**Try it:**
Restating the records exactly is the whole task.

============================================================

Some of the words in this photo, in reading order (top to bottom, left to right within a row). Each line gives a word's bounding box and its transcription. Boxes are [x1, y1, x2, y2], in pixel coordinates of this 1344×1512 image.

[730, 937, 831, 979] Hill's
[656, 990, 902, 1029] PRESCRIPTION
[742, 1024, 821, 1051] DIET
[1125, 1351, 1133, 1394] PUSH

============================================================

**Problem solution:**
Some of the words in this photo, in reading order (top to bottom, left to right within a row). Each line gives a word's bounding box and its transcription. Boxes are [x1, y1, x2, y2], in pixel coordinates of this 1344×1512 image.

[730, 937, 831, 979] Hill's
[656, 990, 902, 1029] PRESCRIPTION
[742, 1024, 821, 1051] DIET
[1125, 1351, 1133, 1394] PUSH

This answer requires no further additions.